Une artère vitale sous la menace de l’érosion
Mafouta et Sangolo ne sont plus qu’à quelques minutes de Mayanga grâce à la route bitumée posée il y a six ans pour dynamiser le couloir maraîcher du Djoué.
Mais un ravin large de près de dix mètres grignote désormais le bas-côté à hauteur du bar B52, laissant entrevoir un possible effondrement de la chaussée lors de la prochaine saison des pluies.
Les images filmées par les habitants circulent sur les réseaux sociaux et rappellent les ravages déjà observés dans d’autres quartiers situés sur le versant sud de Brazzaville.
Construite initialement comme piste agricole, la chaussée avait été bitumée dans le cadre du programme municipal d’ouverture des zones périphériques, accélérant la mise en marché des productions vivrières.
Les causes naturelles et humaines du ravin
Selon l’ingénieur géologue Armand Mouandza, l’argile sablonneuse du plateau combinée à l’intensification des pluies extrêmes favorise l’érosion rétrogressive qui dévore progressivement le talus.
Les eaux de ruissellement provenant des maisons en amont s’engouffrent dans des caniveaux ouverts puis se déversent sur la pente sans dispositif de dissipation d’énergie, creusant chaque jour un peu plus le gouffre.
L’urbaniste Élodie Samba rappelle que l’absence d’un réseau d’assainissement fermé dans les secteurs à faible densité reste le point faible de nombreux projets routiers.
Conséquences pour les maraîchers et la ville
La route relie une ceinture agricole baptisée Agri-Congo, où poussent laitues, aubergines et piments destinés aux marchés de Moungali et Poto-Poto.
Si la circulation venait à être coupée, les maraîchers devraient emprunter des pistes de sable plus longues, renchérissant le prix des légumes et accentuant la pression sur les quartiers périphériques déjà saturés.
Les transporteurs scolaires qui empruntent cet axe redoutent déjà une hausse des coûts de carburant si un détour s’impose, un surcoût qui se répercuterait sur les parents.
Ingénieurs et riverains sonnent l’alarme
Réuni en fin d’après-midi devant la cassure, le président du comité de quartier, Jean-Michel Ondongo, supplie « qu’on envoie vite les pelles mécaniques avant que le goudron ne tombe dans le vide ».
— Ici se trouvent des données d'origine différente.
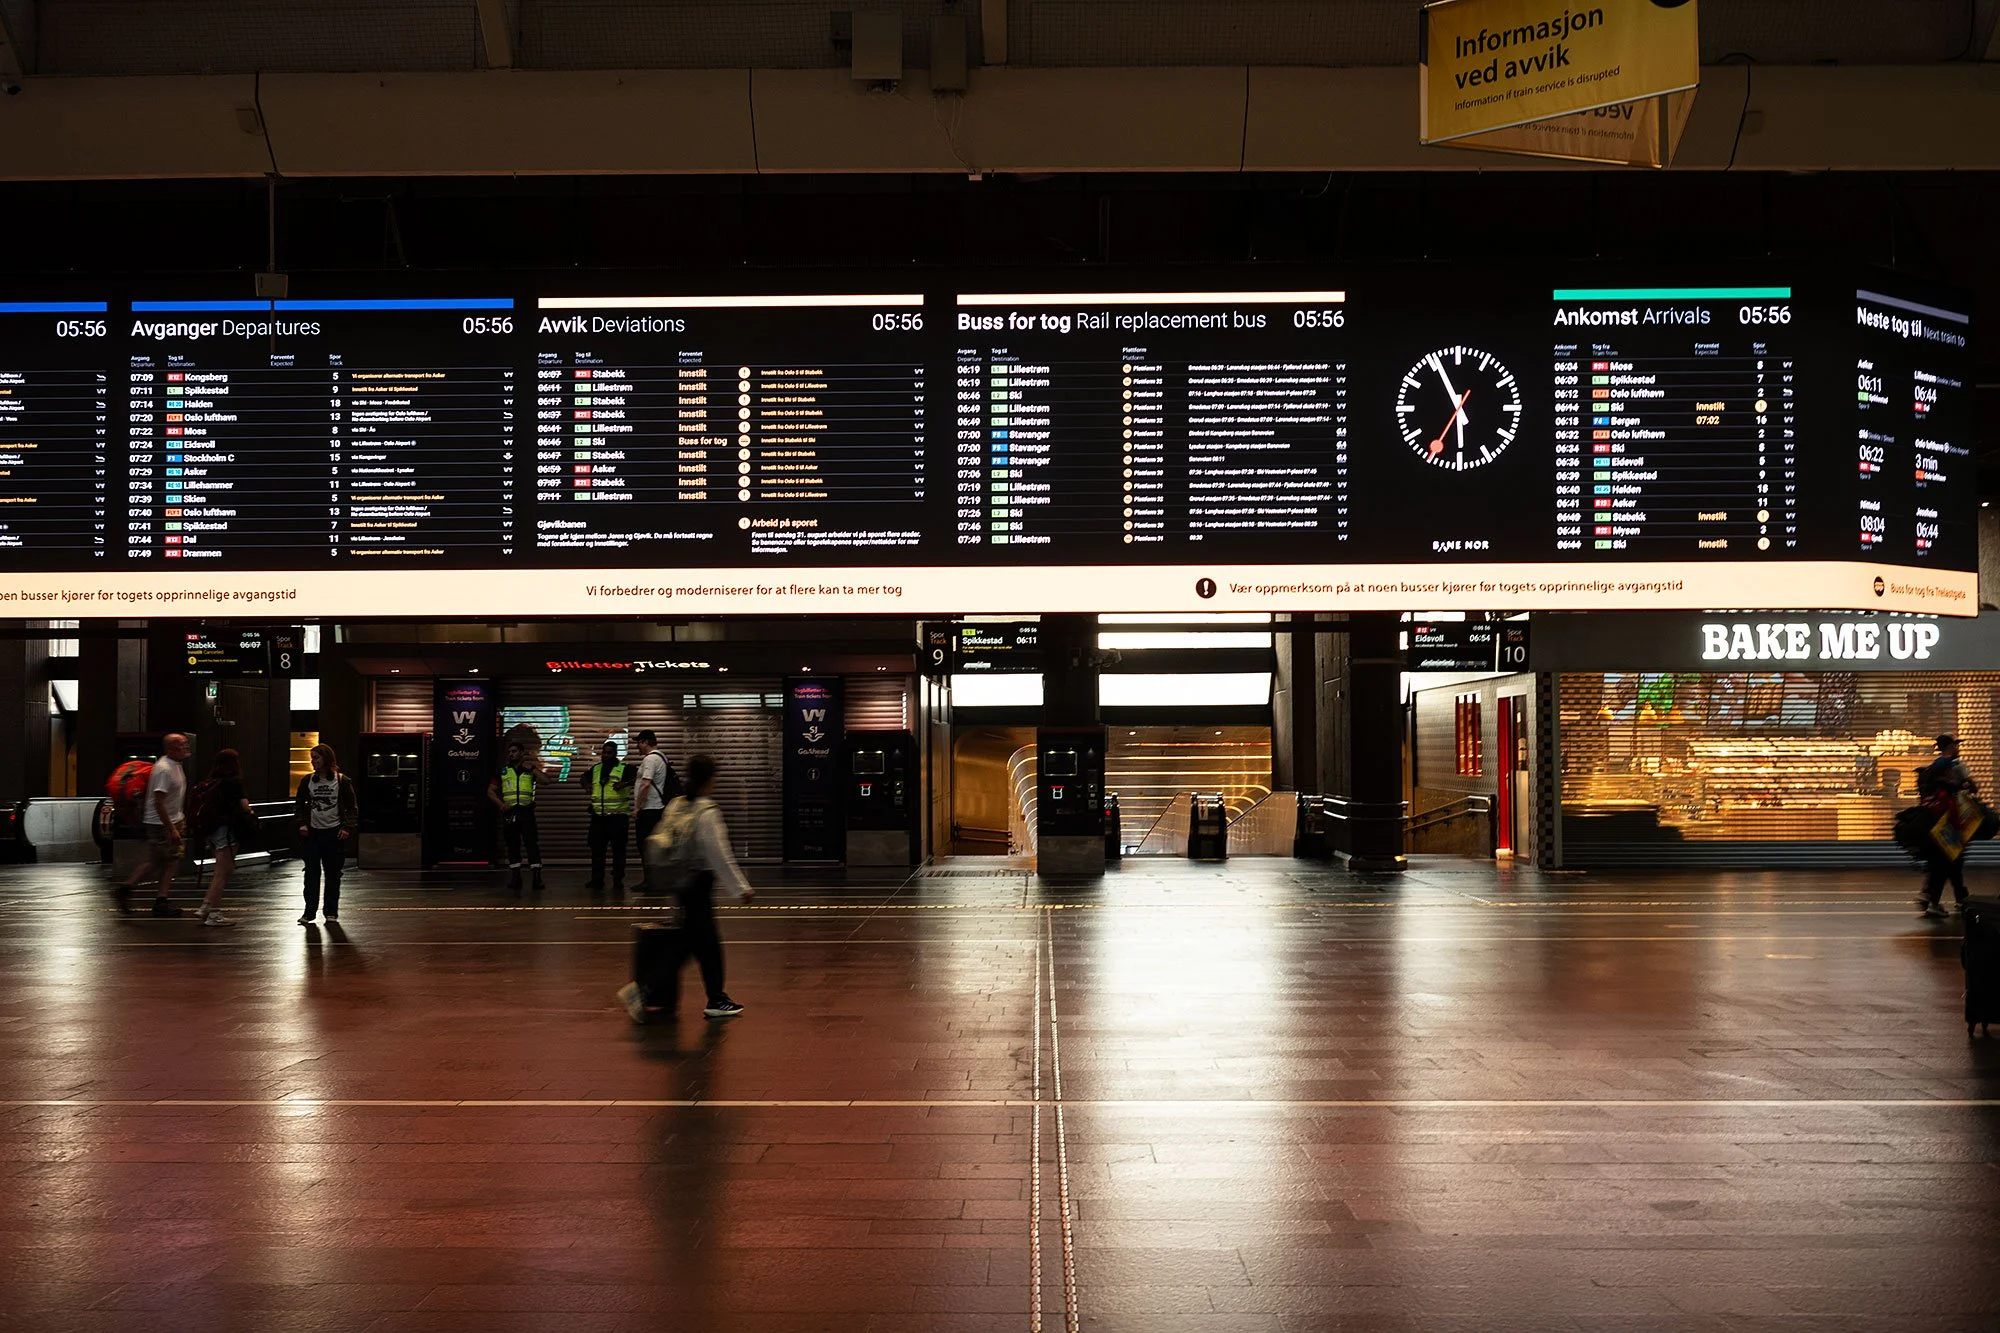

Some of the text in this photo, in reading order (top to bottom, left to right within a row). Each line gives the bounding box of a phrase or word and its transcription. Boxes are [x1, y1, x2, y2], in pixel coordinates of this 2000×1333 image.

[1456, 8, 1603, 58] Informasjon
[1455, 44, 1570, 89] ved avvik
[1455, 65, 1620, 111] Information if train service is disrupted
[538, 313, 924, 333] Avvik Deviations 05:56
[958, 310, 1344, 333] Buss for tog Rail replacement bus 05:56
[1554, 306, 1791, 326] Ankomst Arrivals 05:56
[56, 321, 107, 337] 05:56
[131, 320, 218, 339] Avganger
[463, 317, 513, 334] 05:56
[1857, 306, 1965, 347] Neste tog til Next train to
[592, 370, 707, 378] Stabekk Innstilt
[958, 365, 1050, 374] 06:19 Lillestrøm
[130, 374, 153, 382] 07:09
[185, 373, 228, 382] Kongsberg
[1858, 374, 1882, 392] 06:11
[184, 386, 228, 396] Spikkestad
[332, 386, 338, 394] 9
[1555, 389, 1664, 398] 06:12 Oslo lufthavn
[1914, 386, 1937, 402] 06:44
[130, 400, 153, 408] 07:14
[184, 400, 213, 408] Halden
[130, 414, 152, 422] 07:20
[184, 414, 202, 422] Oslo
[204, 414, 237, 422] lufthavn
[1696, 416, 1719, 424] 07:02
[678, 438, 699, 446] Buss
[714, 438, 728, 446] tog
[958, 430, 1050, 440] 07:00 Stavanger
[130, 454, 234, 462] 07:27 Stockholm C
[1859, 445, 1884, 462] 06:22
[1923, 457, 1938, 471] min
[129, 481, 234, 490] 07:34 Lillehammer
[1556, 485, 1641, 494] 06:40 Halden
[958, 509, 1023, 518] 07:26 Ski
[537, 520, 586, 530] Gjøvikbanen
[752, 519, 818, 528] Arbeid på sporet
[1465, 541, 1489, 550] NOR
[586, 586, 596, 596] Vi
[600, 585, 654, 596] forbedrer
[658, 588, 672, 598] og
[676, 585, 753, 595] moderniserer
[757, 584, 772, 594] for
[776, 586, 786, 594] at
[790, 584, 815, 594] flere
[819, 584, 840, 594] kan
[844, 585, 854, 594] ta
[883, 585, 902, 596] tog
[1230, 584, 1252, 592] Vær
[1256, 582, 1332, 595] oppmerksom
[1337, 582, 1350, 594] på
[1368, 584, 1398, 592] noen
[1401, 582, 1439, 592] busser
[1443, 582, 1476, 594] kjører
[1480, 581, 1496, 592] før
[1500, 582, 1536, 594] togets
[1540, 581, 1615, 593] opprinnelige
[1618, 580, 1682, 593] avgangstid
[21, 590, 58, 600] busser
[62, 590, 94, 603] kjører
[98, 590, 114, 600] før
[117, 590, 152, 602] togets
[156, 589, 229, 602] opprinnelige
[233, 589, 296, 602] avgangstid
[962, 637, 1003, 646] Spikkestad
[1415, 634, 1444, 642] Eidsvoll
[1702, 623, 1940, 660] BAKE ME UP
[280, 653, 290, 669] 8
[933, 649, 944, 665] 9
[1504, 646, 1526, 662] 10
Du côté de la Délégation générale aux grands travaux, l’ingénieur Dieudonné Kembé assure qu’un diagnostic topographique a été lancé afin de “dimensionner un remblai en gabions et drainer durablement les eaux pluviales”.
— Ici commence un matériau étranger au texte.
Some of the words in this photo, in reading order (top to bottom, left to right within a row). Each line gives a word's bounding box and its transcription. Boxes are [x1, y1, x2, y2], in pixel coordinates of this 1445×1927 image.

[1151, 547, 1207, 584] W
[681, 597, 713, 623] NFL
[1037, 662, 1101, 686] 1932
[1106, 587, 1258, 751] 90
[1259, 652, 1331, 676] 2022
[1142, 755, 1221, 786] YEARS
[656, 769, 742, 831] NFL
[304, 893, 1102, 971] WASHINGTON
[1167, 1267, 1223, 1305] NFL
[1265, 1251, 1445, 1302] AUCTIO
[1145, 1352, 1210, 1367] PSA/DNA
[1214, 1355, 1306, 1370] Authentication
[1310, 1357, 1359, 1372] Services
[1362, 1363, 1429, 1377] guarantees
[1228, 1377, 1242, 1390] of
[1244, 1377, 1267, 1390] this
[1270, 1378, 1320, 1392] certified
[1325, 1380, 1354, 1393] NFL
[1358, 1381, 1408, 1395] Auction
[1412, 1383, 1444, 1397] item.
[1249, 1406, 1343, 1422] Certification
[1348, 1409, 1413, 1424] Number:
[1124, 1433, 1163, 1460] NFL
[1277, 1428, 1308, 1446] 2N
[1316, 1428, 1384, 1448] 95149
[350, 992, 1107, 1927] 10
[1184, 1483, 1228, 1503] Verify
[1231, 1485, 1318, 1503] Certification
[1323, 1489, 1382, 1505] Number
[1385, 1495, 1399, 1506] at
Des étudiants de l’École nationale supérieure polytechnique ont commencé, drones à l’appui, à cartographier l’évolution du front d’érosion afin de fournir des données en temps réel aux décideurs.
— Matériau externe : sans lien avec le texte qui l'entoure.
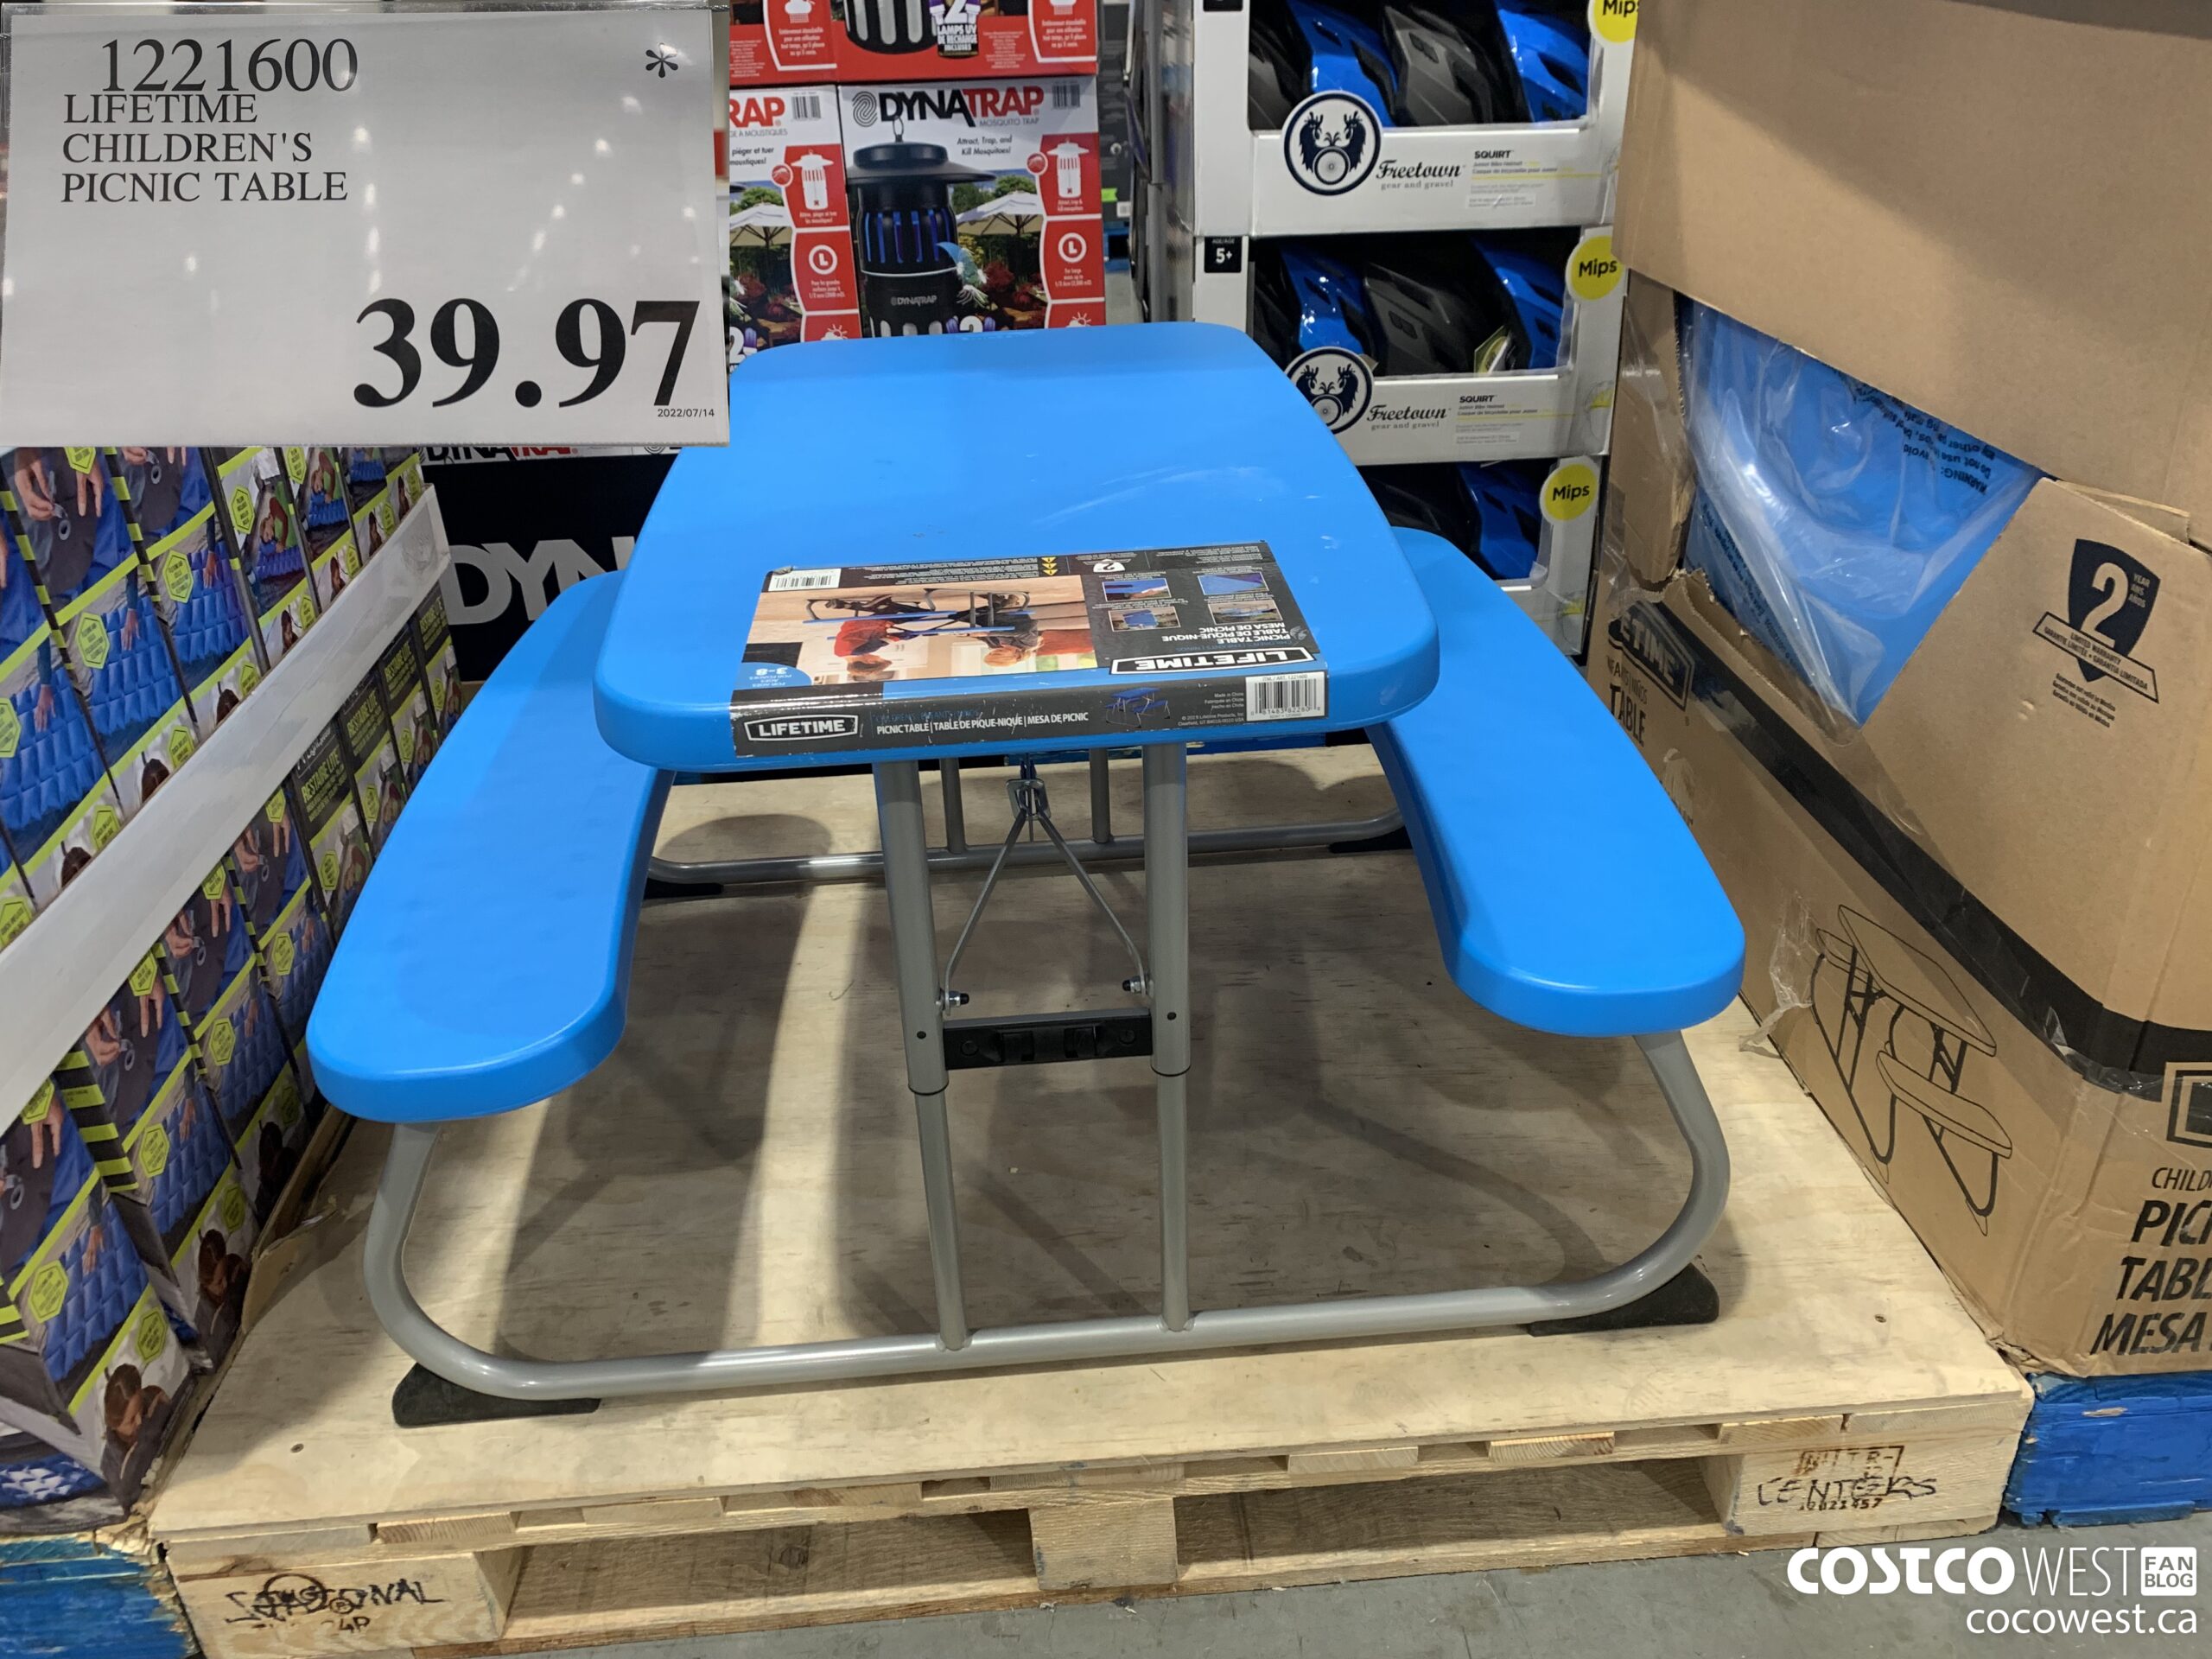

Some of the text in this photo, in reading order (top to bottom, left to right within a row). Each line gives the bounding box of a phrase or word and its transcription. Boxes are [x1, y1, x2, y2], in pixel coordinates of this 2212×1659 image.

Mobilisation locale et étapes urgentes
La mairie de Madibou a déjà dépêché des techniciens pour sécuriser le pourtour avec des rubans rouges et prévenir les motocyclistes nocturnes.
Une collecte communautaire a réuni plusieurs tonnes de pierres destinées à combler temporairement la brèche en attendant la solution structurelle annoncée par les services compétents.
Les associations de jeunes proposent parallèlement de replanter des vetiver le long du talus pour stabiliser le sol, initiative encouragée par les écologues de l’Université Marien-Ngouabi.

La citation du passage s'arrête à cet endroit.